Data records ->
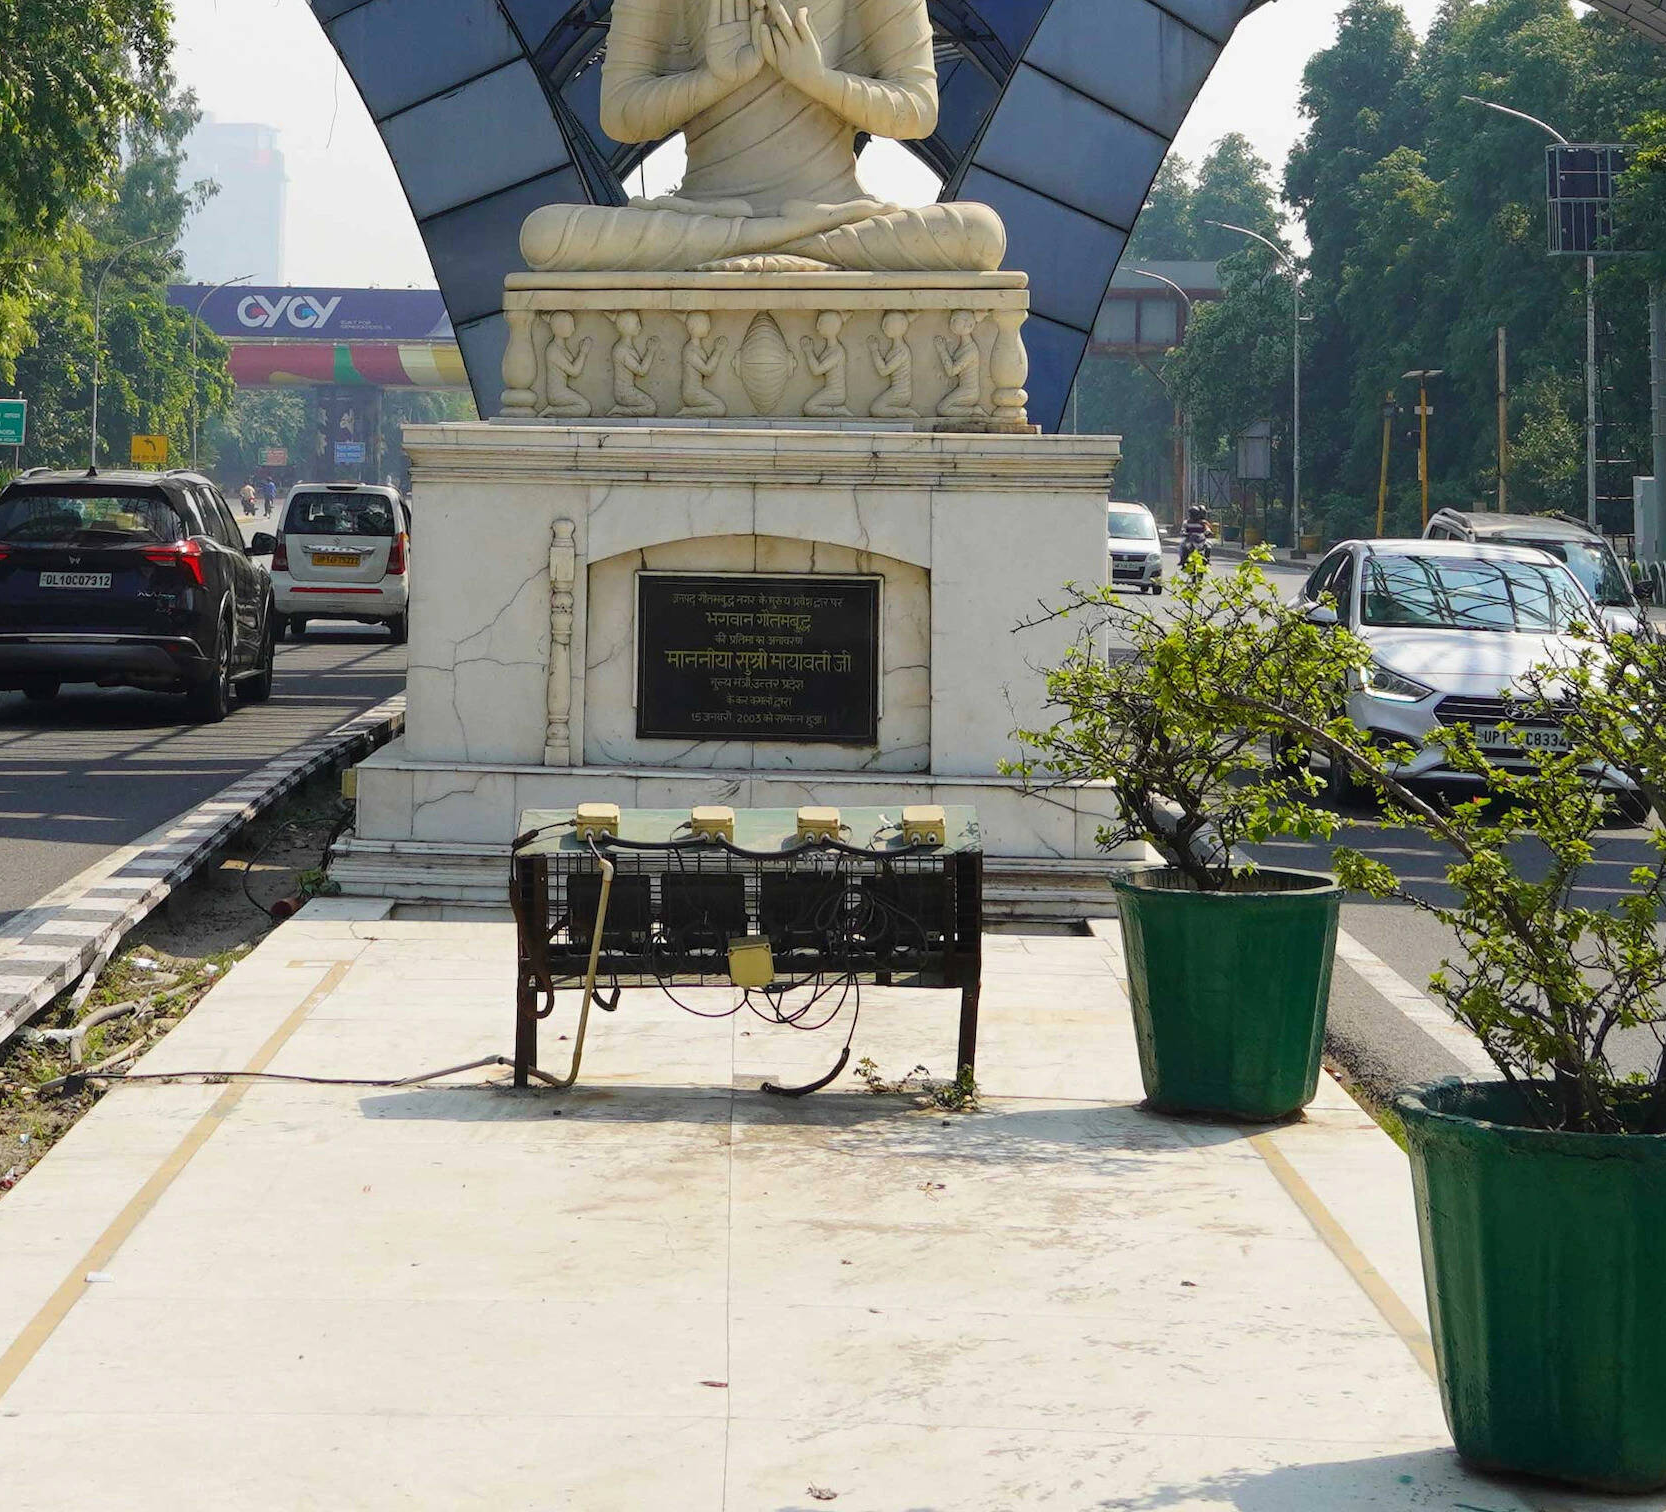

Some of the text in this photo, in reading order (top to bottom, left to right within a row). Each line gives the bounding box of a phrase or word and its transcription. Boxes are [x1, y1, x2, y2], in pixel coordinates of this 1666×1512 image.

[236, 294, 343, 329] CYCY
[705, 611, 755, 628] भगवान
[664, 647, 853, 676] माननीया सुश्री मायावती जी
[1483, 729, 1567, 748] UP1C8334
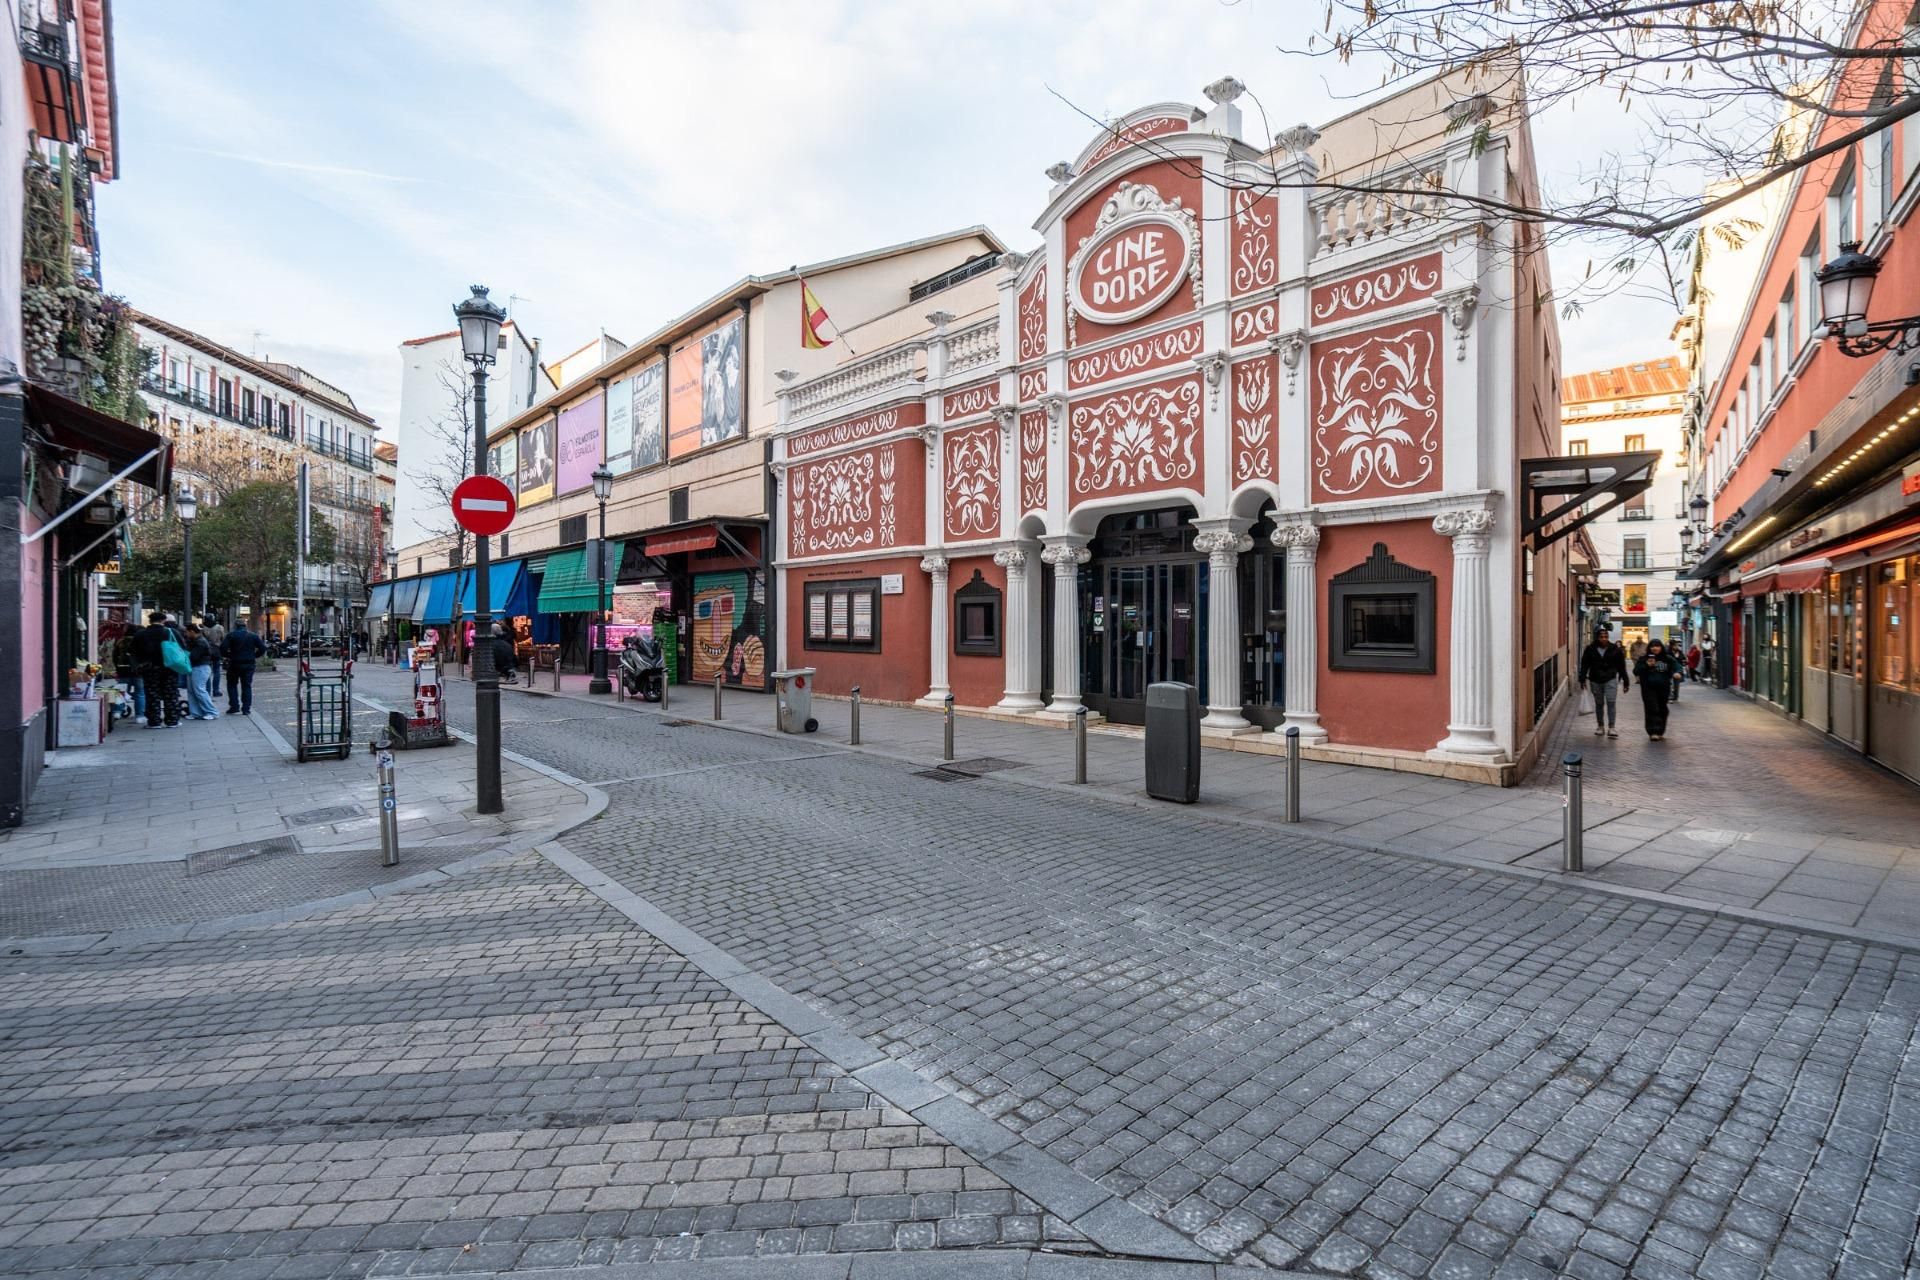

Work instructions ->
Output the whole listing without change. Any picture is to be left out.

Result of this task ->
Some of the text in this photo, in reading order (top to bottom, left to right within a row). Each line gives the bounding box of a phrase or word and its transcription. Boxes are [x1, y1, x2, y2], in pixel coordinates of this 1666×1512 image.

[236, 294, 343, 329] CYCY
[705, 611, 755, 628] भगवान
[664, 647, 853, 676] माननीया सुश्री मायावती जी
[1483, 729, 1567, 748] UP1C8334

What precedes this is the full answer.